Write every line below out again exactly, images omitted.

#### Information given:
----------------------------------------

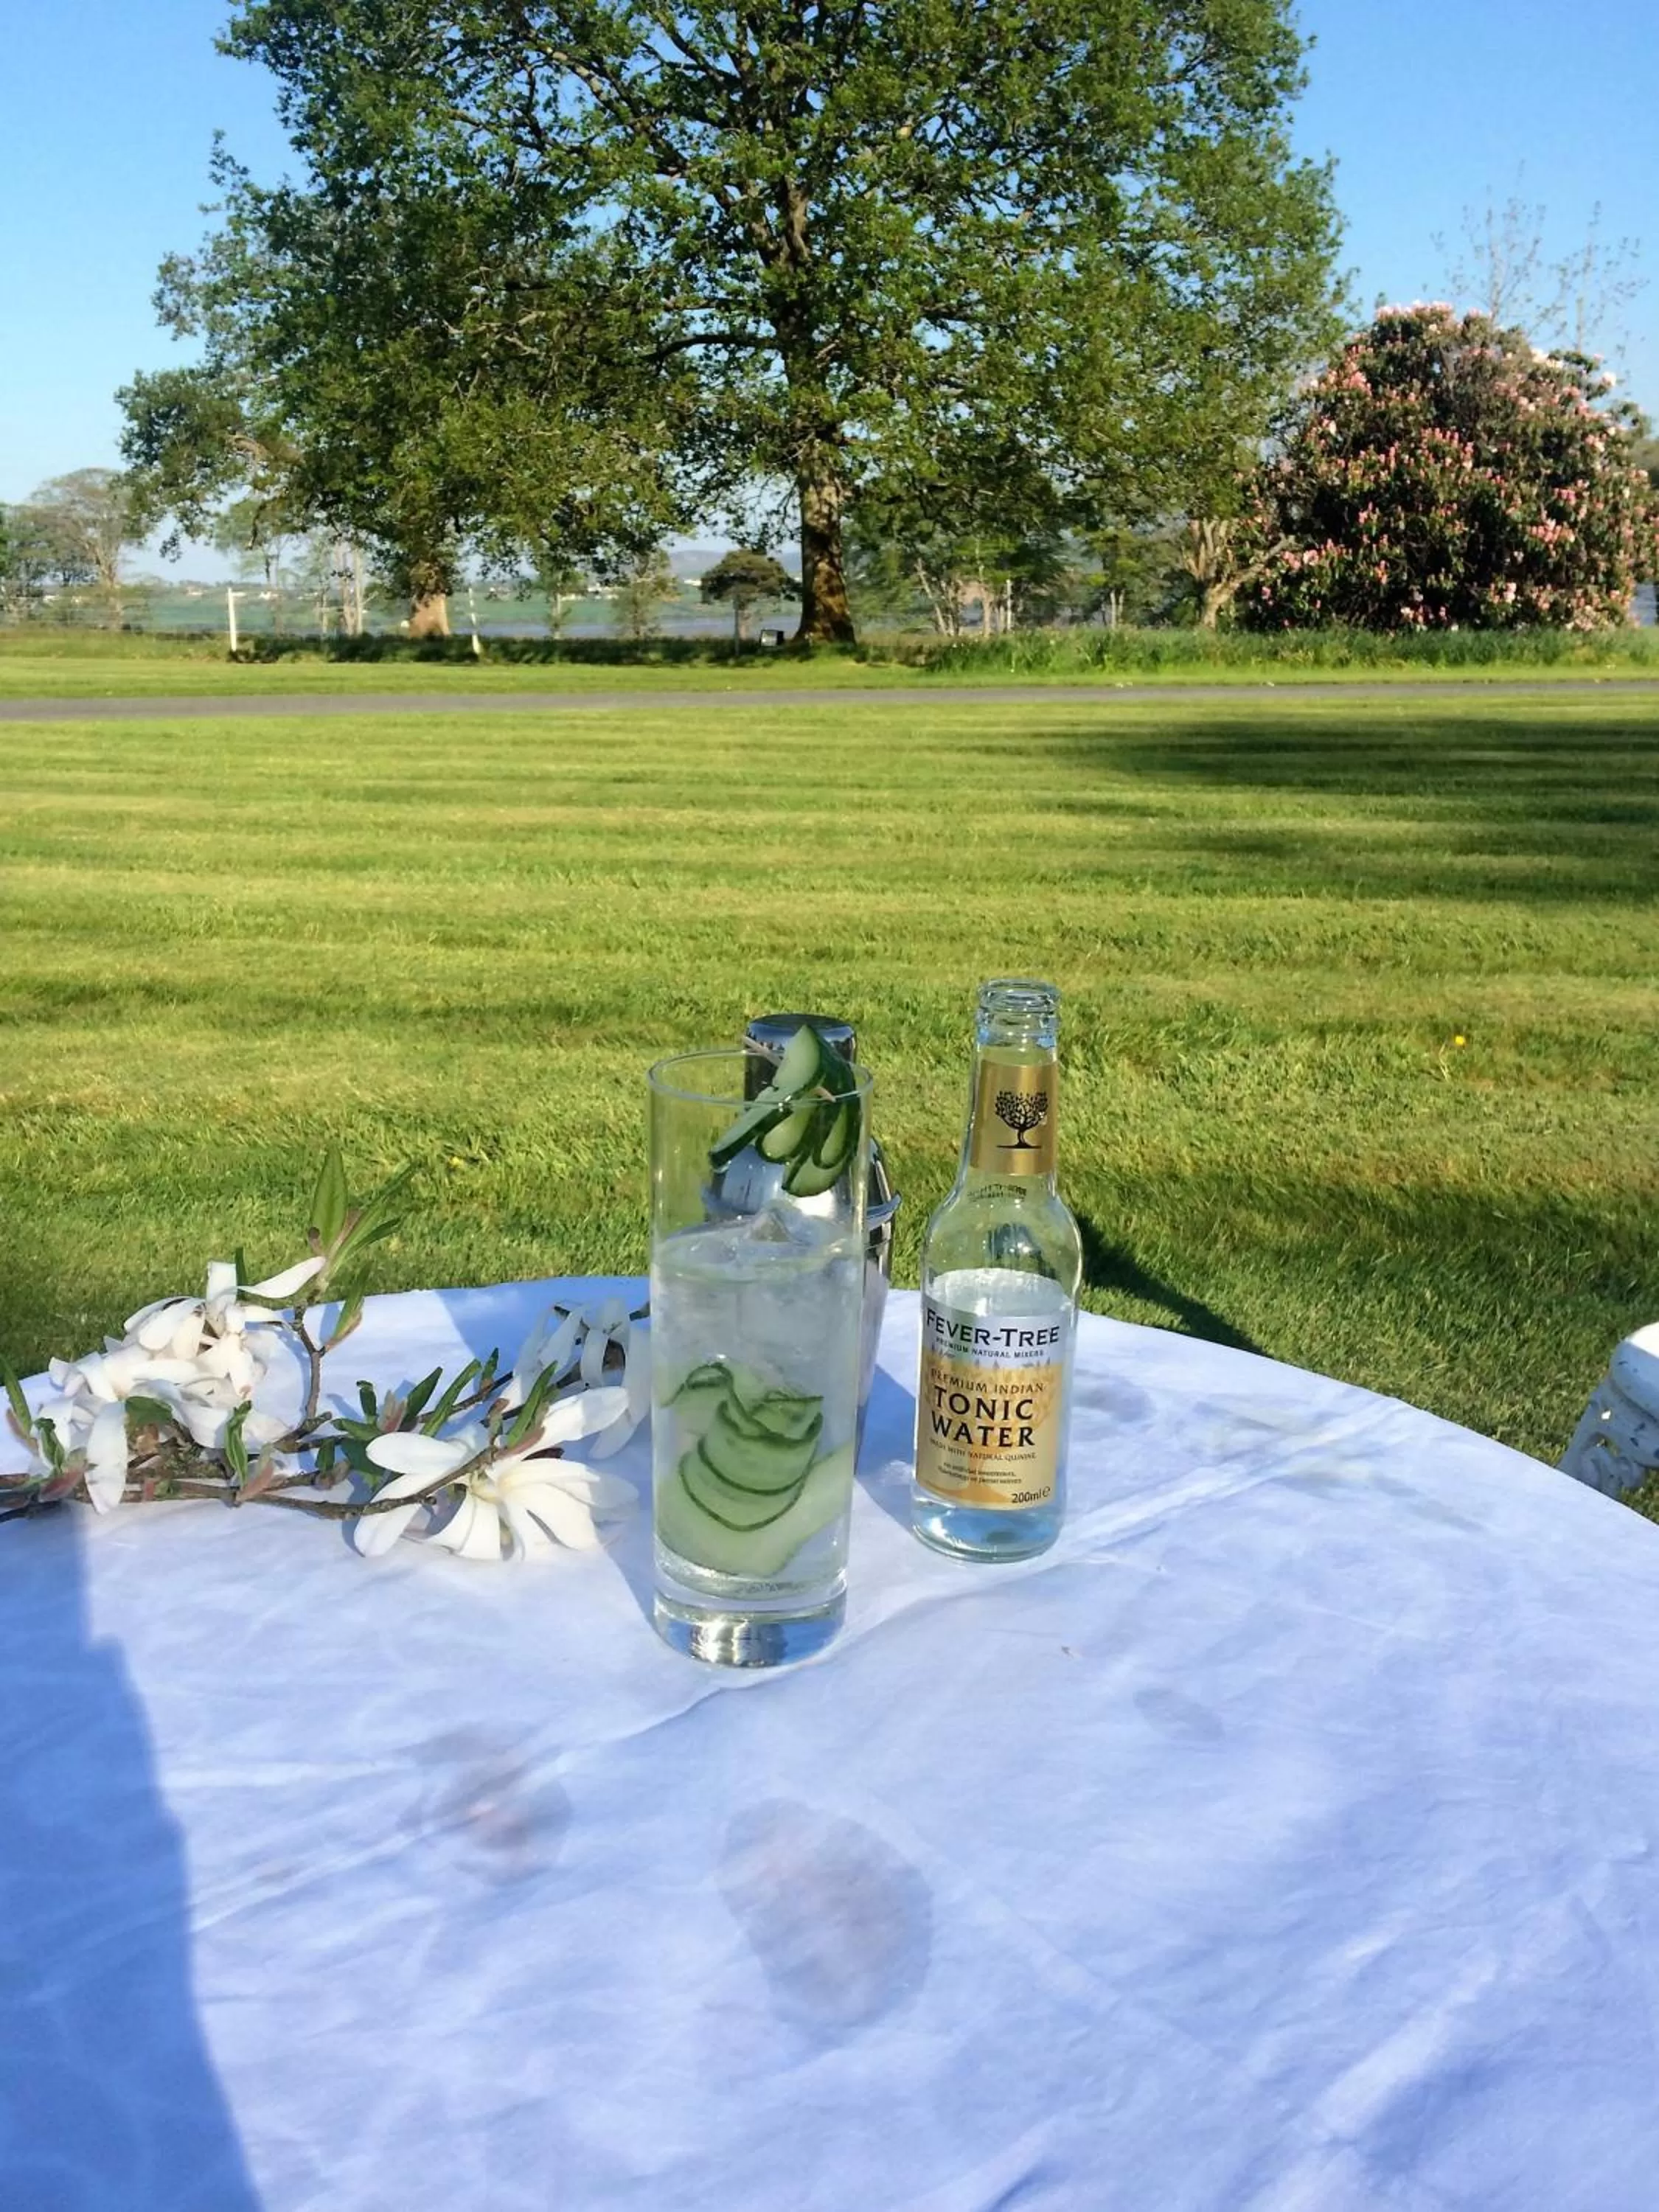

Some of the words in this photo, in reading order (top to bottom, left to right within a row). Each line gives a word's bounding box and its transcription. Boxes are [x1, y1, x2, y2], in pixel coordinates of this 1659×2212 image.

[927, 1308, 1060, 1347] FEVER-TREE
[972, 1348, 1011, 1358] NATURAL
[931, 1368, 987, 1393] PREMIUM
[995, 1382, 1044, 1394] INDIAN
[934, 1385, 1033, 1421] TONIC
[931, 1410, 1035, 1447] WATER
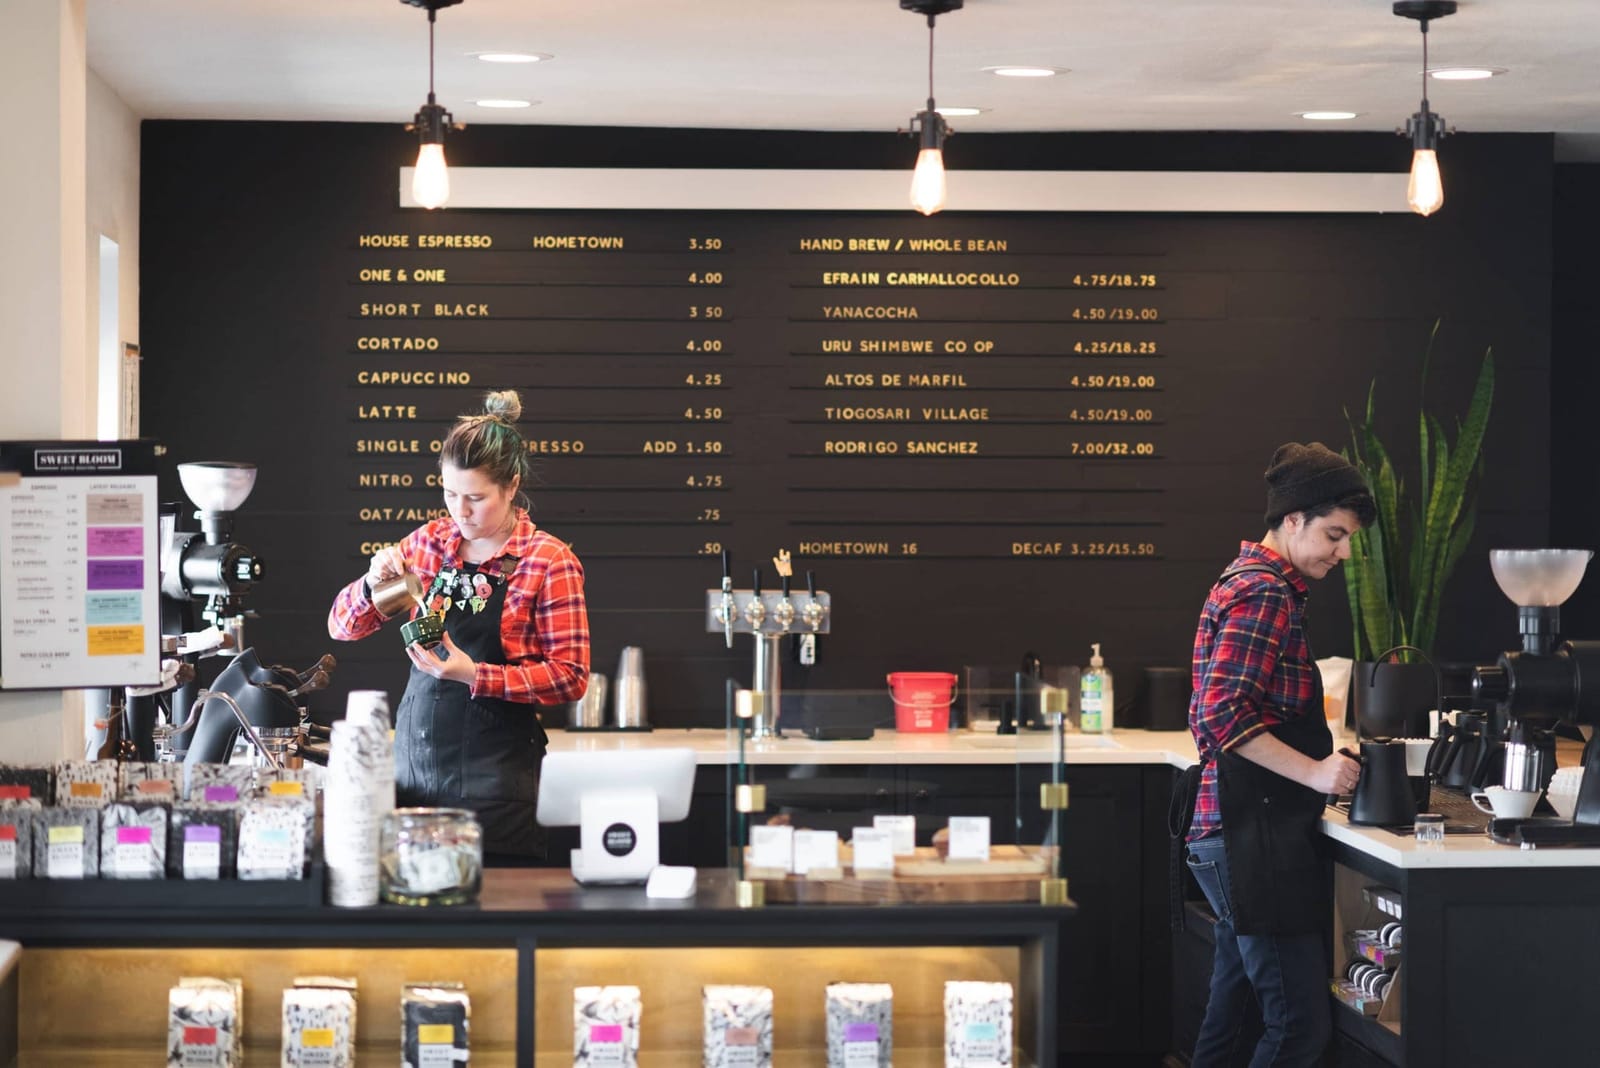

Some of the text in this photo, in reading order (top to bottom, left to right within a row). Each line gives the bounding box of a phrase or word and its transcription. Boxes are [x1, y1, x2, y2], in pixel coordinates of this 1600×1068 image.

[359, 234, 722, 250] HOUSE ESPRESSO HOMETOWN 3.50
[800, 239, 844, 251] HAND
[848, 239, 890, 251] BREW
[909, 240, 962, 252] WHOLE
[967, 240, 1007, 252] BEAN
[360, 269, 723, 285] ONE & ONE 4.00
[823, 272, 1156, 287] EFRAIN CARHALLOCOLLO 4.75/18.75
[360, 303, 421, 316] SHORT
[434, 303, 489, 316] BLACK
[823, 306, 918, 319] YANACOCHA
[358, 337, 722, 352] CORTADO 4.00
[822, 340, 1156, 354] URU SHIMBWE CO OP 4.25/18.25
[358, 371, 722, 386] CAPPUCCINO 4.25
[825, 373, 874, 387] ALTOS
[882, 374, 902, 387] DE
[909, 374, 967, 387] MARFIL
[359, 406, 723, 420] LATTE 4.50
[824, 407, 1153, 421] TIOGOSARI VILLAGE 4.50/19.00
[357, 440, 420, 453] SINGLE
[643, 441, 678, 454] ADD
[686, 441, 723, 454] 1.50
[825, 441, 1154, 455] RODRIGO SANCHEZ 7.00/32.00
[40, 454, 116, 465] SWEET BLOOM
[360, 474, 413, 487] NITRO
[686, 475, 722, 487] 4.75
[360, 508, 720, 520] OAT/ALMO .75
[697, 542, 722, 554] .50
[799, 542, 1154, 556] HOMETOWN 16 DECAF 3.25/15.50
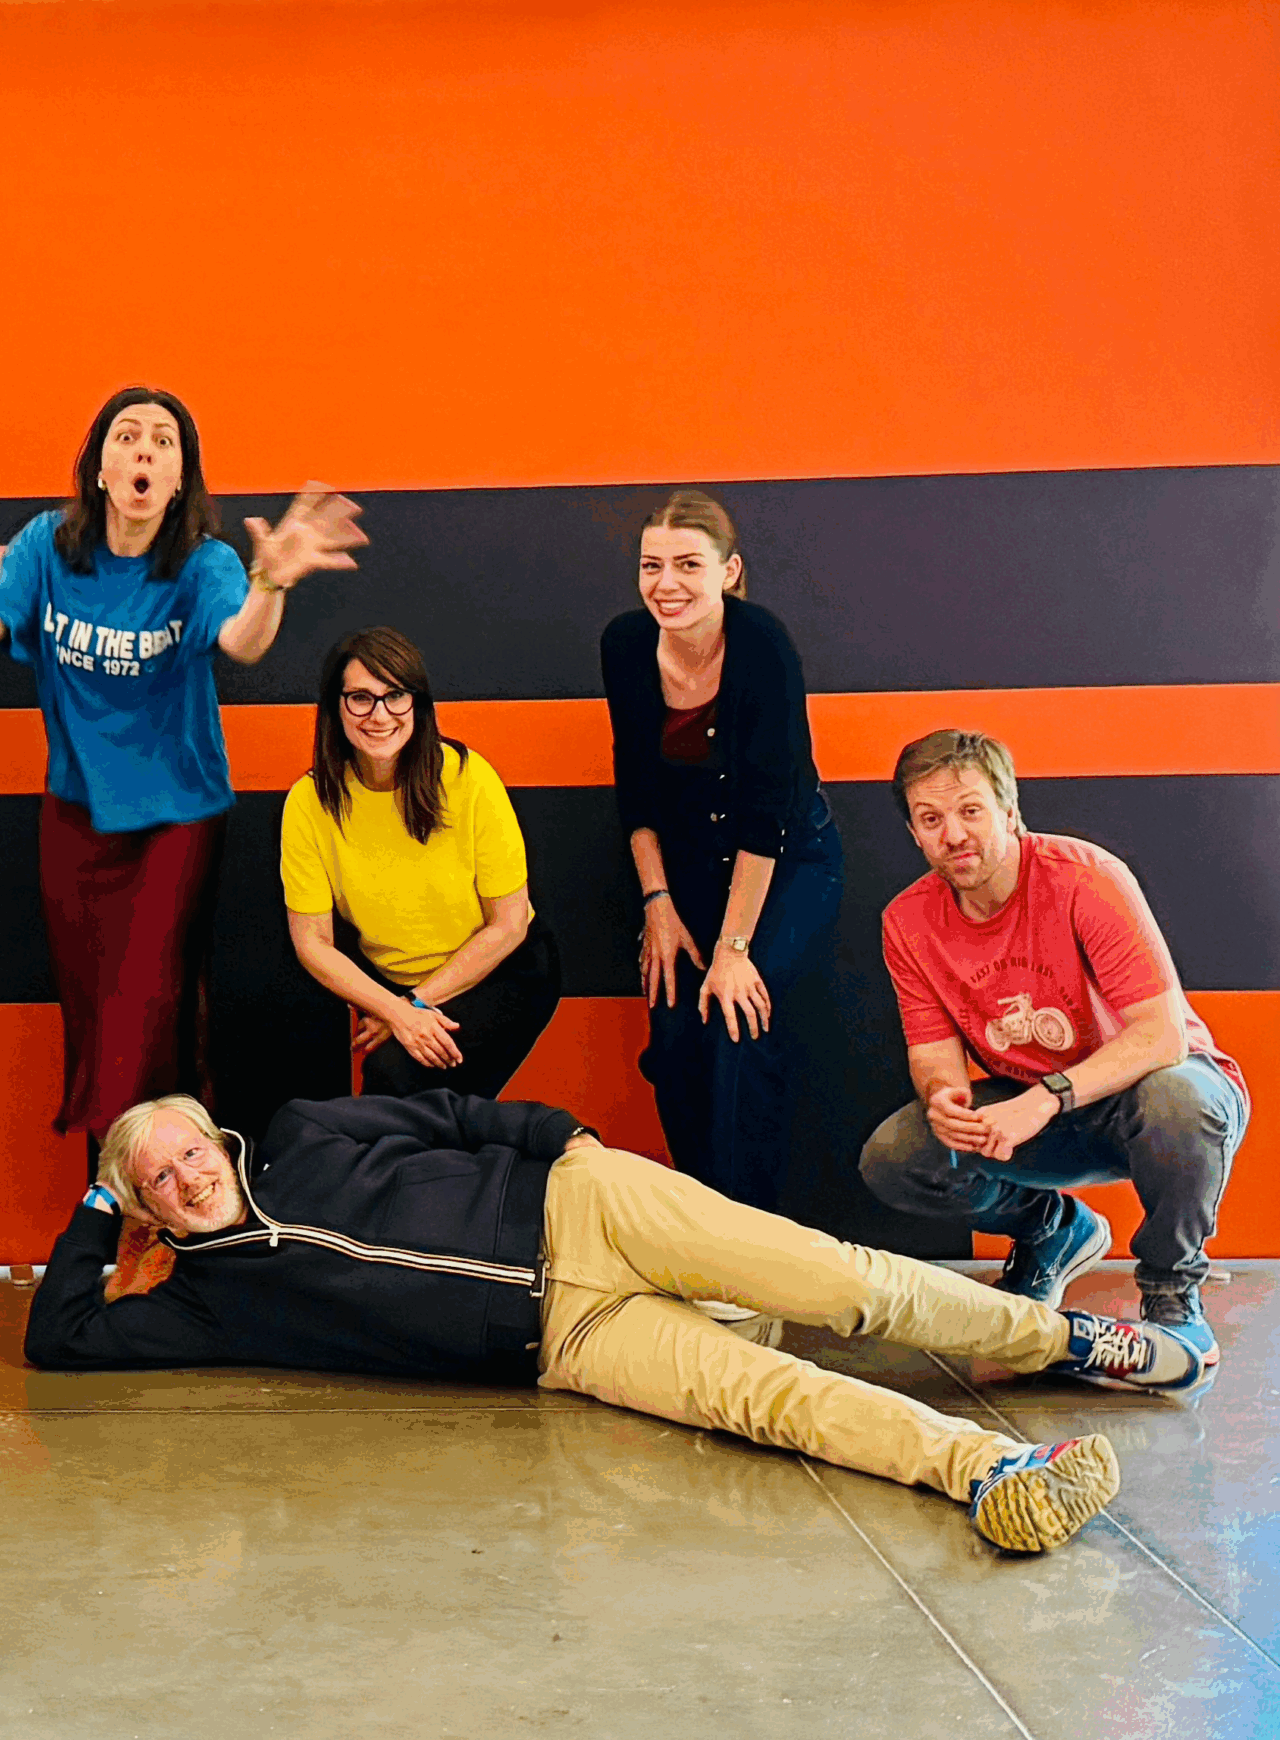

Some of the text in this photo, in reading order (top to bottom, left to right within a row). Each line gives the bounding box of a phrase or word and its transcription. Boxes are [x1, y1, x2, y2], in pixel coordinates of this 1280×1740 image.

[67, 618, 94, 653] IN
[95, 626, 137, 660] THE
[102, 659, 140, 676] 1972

----------------------------------------

#### Answer box:
Some of the words in this photo, in reading order (top to bottom, left to right within a row). Each line gives a word's bounding box and its transcription. Boxes are [x1, y1, x2, y2], in pixel coordinates of this 1659×2212 image.

[927, 1308, 1060, 1347] FEVER-TREE
[972, 1348, 1011, 1358] NATURAL
[931, 1368, 987, 1393] PREMIUM
[995, 1382, 1044, 1394] INDIAN
[934, 1385, 1033, 1421] TONIC
[931, 1410, 1035, 1447] WATER

Some of the text in this photo, in reading order (top to bottom, left to right within a row). Each line gives the bounding box of a phrase or word and its transcription. Boxes are [x1, y1, x2, y2], in pixel coordinates of this 1600×1068 image.

[359, 234, 722, 250] HOUSE ESPRESSO HOMETOWN 3.50
[800, 239, 844, 251] HAND
[848, 239, 890, 251] BREW
[909, 240, 962, 252] WHOLE
[967, 240, 1007, 252] BEAN
[360, 269, 723, 285] ONE & ONE 4.00
[823, 272, 1156, 287] EFRAIN CARHALLOCOLLO 4.75/18.75
[360, 303, 421, 316] SHORT
[434, 303, 489, 316] BLACK
[823, 306, 918, 319] YANACOCHA
[358, 337, 722, 352] CORTADO 4.00
[822, 340, 1156, 354] URU SHIMBWE CO OP 4.25/18.25
[358, 371, 722, 386] CAPPUCCINO 4.25
[825, 373, 874, 387] ALTOS
[882, 374, 902, 387] DE
[909, 374, 967, 387] MARFIL
[359, 406, 723, 420] LATTE 4.50
[824, 407, 1153, 421] TIOGOSARI VILLAGE 4.50/19.00
[357, 440, 420, 453] SINGLE
[643, 441, 678, 454] ADD
[686, 441, 723, 454] 1.50
[825, 441, 1154, 455] RODRIGO SANCHEZ 7.00/32.00
[40, 454, 116, 465] SWEET BLOOM
[360, 474, 413, 487] NITRO
[686, 475, 722, 487] 4.75
[360, 508, 720, 520] OAT/ALMO .75
[697, 542, 722, 554] .50
[799, 542, 1154, 556] HOMETOWN 16 DECAF 3.25/15.50

Some of the text in this photo, in reading order (top to bottom, left to right within a row). Each line gives the bounding box of a phrase or word and its transcription. Boxes are [x1, y1, x2, y2], in pixel coordinates of this 1280×1740 image.

[67, 618, 94, 653] IN
[95, 626, 137, 660] THE
[102, 659, 140, 676] 1972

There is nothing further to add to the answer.